The cloud also provides disaster recovery infrastructure. You can replicate data from on-site infrastructure and cloud datacenters to other datacenters. This provides you with the ability to recover in the event of a disaster that affects your primary IT site.

Delivery Models

Cloud providers provide a choice of multi-tenant or single-tenant environments. In a multi-tenant environment, you share a physical server, operating system, or database “container” with other clients for a “time share” of resources. In a single-tenant environment, you have exclusive access to an entire physical server rather than a virtual machine. In general, there are five primary delivery models:

  • Infrastructure as a Service (IaaS): With this model, the server and the operating system are automatically provisioned. Automatic provisioning stops there, as you are then responsible for managing the operating system.
    • Advantage: You don’t worry about the datacenter or server and can simply administer the operating system. You can install software you need and configure as required—typically with root access on UNIX and Linux servers.
  • Platform as a Service (PaaS): With this model, the server; operating system; and development tools are automatically provisioned. Automatic provisioning stops there, as you are then responsible for software development.
    • Advantage: You don’t worry about the datacenter, server, database, version-control software installation, development tools installation, or compiler software installation. You simply develop and host your applications.
  • Database as a Service (DBaaS): With this model, the server; operating system; database software installation; and database creation process are automatically provisioned. Automatic provisioning stops here, as you are then responsible for Database Administration (DBA) tasks.
    • Advantage: You don’t worry about the datacenter, server, database software installation, database creation, or initial configuration. You simply administer and use the database.
  • Storage as a Service (STaaS): With this model, you don’t worry about maintaining storage subsystems and SANs. You simply direct your applications to the cloud provider that hosts storage.
    • Advantage: You don’t worry about the datacenter, server, SAN switches, cables, disk subsystem installation, or configuration. You simply use the storage.
  • Software as a Service (SaaS): With this model, the server; operating system; and application are automatically provisioned for you. Automatic provisioning stops here, and is typically the top of the technology stack. You are responsible for administering or using the application.
    • Advantage: You don’t worry about the datacenter, server, database, application, or installation. You just use the application for your business.

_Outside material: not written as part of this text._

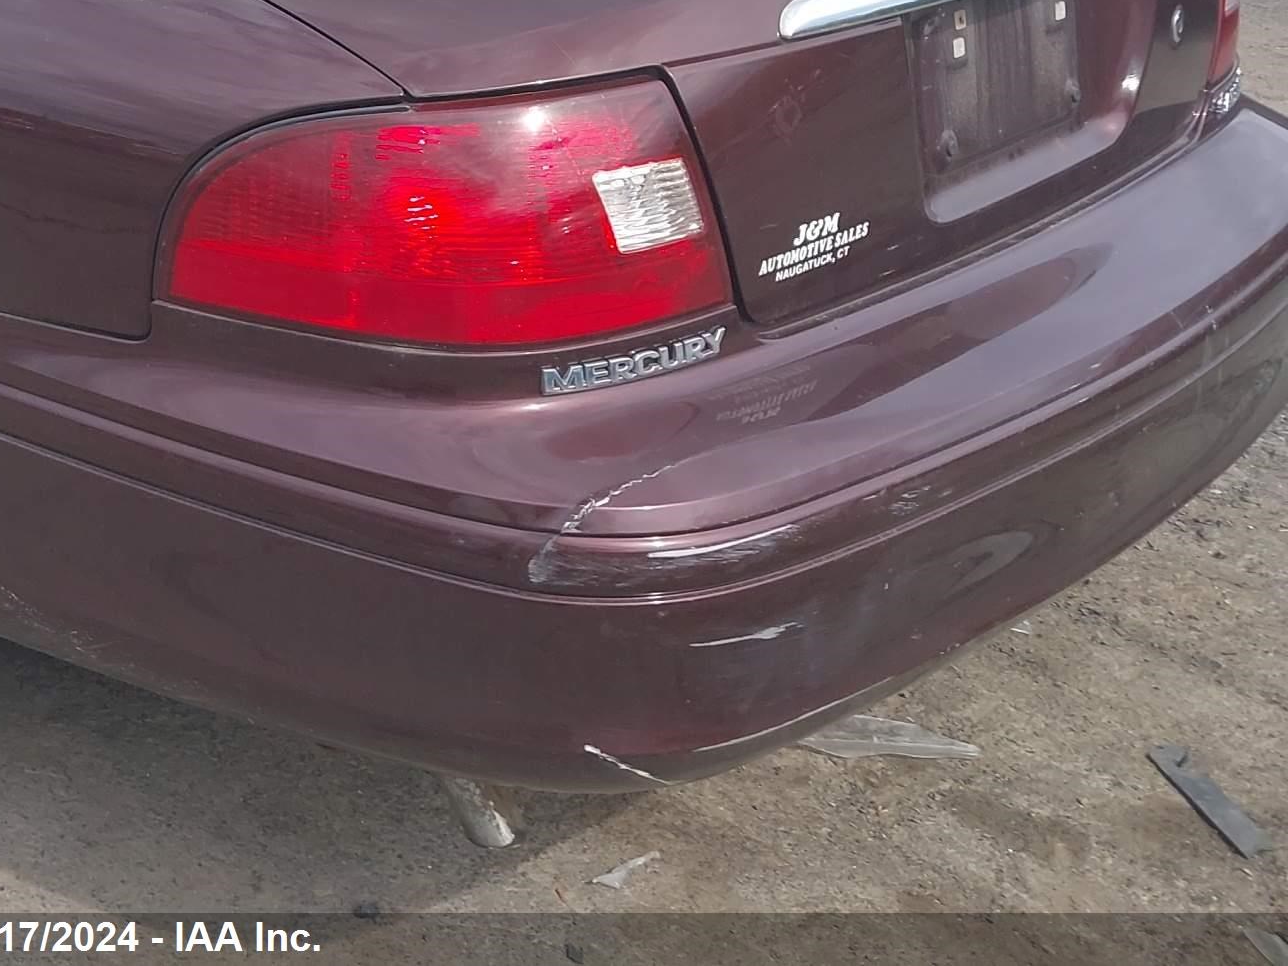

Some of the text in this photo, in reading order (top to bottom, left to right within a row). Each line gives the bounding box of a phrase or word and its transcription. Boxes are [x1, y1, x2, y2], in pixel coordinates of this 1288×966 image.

Galileo Performance Explorer is a SaaS cloud offering that offers performance analysis of a company’s IT assets. Lightweight agents installed on various operating systems and storage devices send raw performance data to a secure facility that hosts the environment. Galileo then processes raw data and renders intuitive graphs and data for rapid analysis and troubleshooting. Galileo’s developers understood that clients may not desire another on-site installation or appliance, so they engineered the concept to keep as much out of the client’s datacenter as possible.

That—in a nutshell—is cloud computing. While the cloud has yet to experience broad acceptance from all of the major IT providers, it currently gains significant momentum in the field. Now some companies will never move to the cloud. Others will take their time. Still others will only take some of their infrastructure to the cloud. That said, many companies are already moving their entire IT infrastructure to the cloud. There is a lot of opportunity in this area. Make no doubt about it, the age of the cloud is here.